• [TASK OBJECTIVE]:
Leave the images out and write out each entry exactly as shown.

::: GIVEN INFORMATION :::

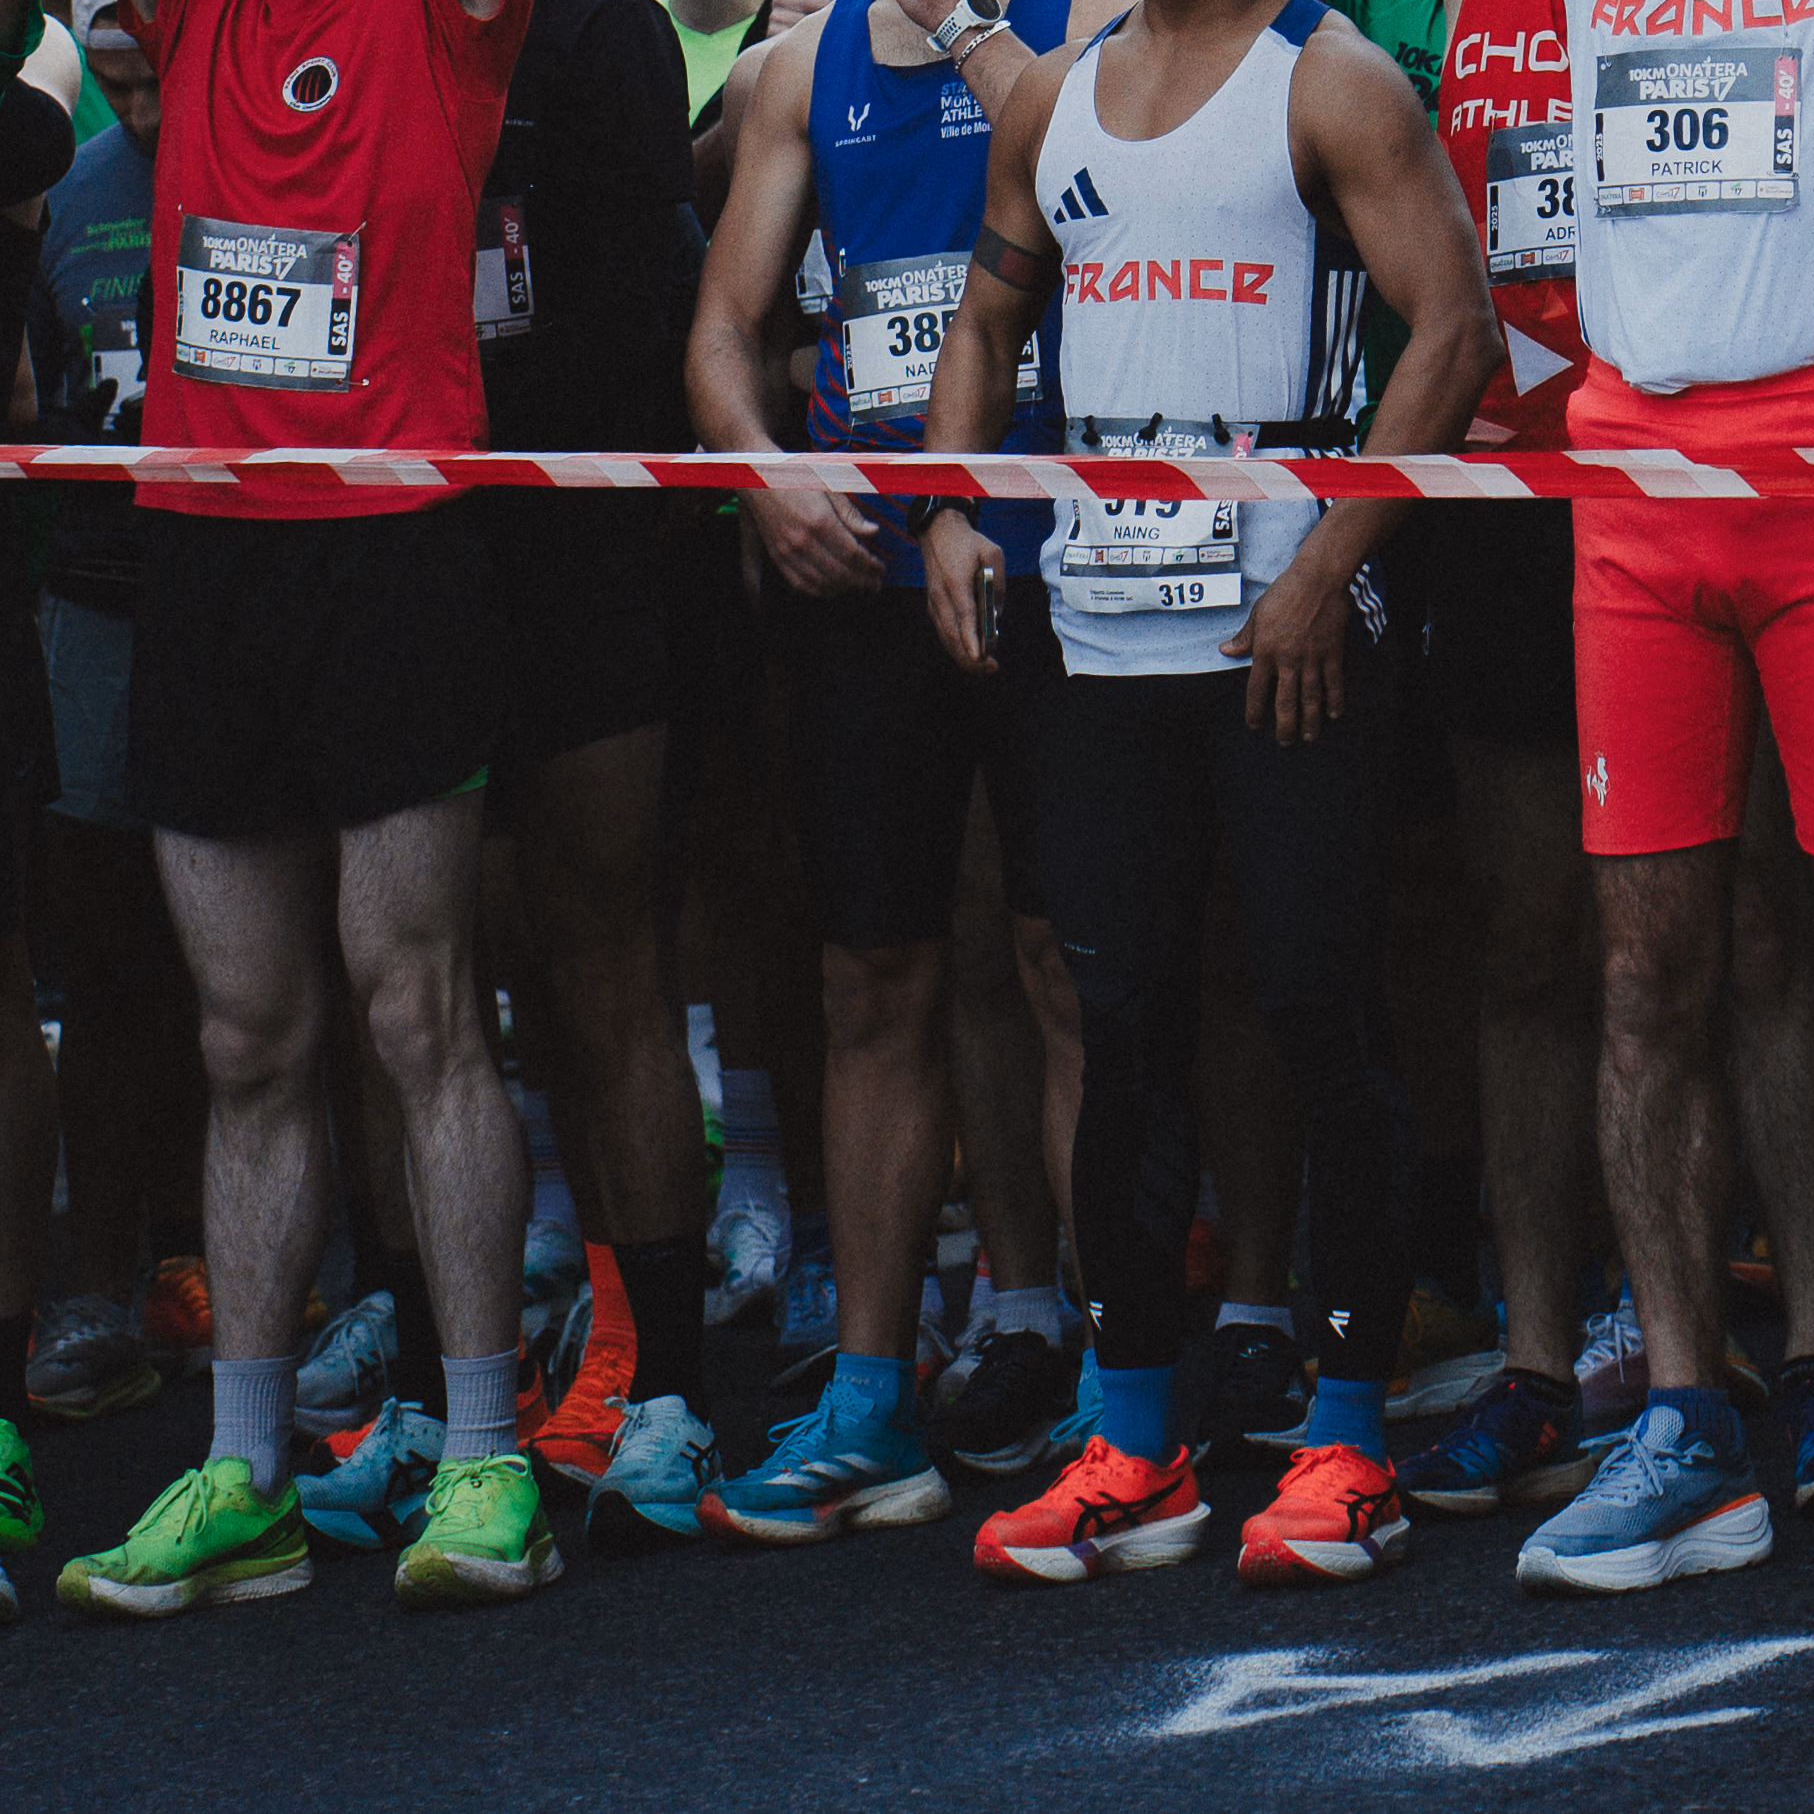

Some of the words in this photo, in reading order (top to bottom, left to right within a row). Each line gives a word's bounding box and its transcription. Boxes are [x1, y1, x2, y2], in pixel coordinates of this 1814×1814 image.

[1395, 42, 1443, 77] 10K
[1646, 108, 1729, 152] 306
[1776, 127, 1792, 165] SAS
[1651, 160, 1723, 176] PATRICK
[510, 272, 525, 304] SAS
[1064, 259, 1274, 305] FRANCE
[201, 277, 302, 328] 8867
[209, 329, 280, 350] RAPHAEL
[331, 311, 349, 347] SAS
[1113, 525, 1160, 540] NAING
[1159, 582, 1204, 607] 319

:::

• [TASK RESPONSE]:
Some of the words in this photo, in reading order (top to bottom, left to right within a row). Each line gives a word's bounding box and its transcription. Boxes are [x1, y1, x2, y2], in pixel coordinates of this 1814×1814 image.

[1395, 42, 1443, 77] 10K
[1646, 108, 1729, 152] 306
[1776, 127, 1792, 165] SAS
[1651, 160, 1723, 176] PATRICK
[510, 272, 525, 304] SAS
[1064, 259, 1274, 305] FRANCE
[201, 277, 302, 328] 8867
[209, 329, 280, 350] RAPHAEL
[331, 311, 349, 347] SAS
[1113, 525, 1160, 540] NAING
[1159, 582, 1204, 607] 319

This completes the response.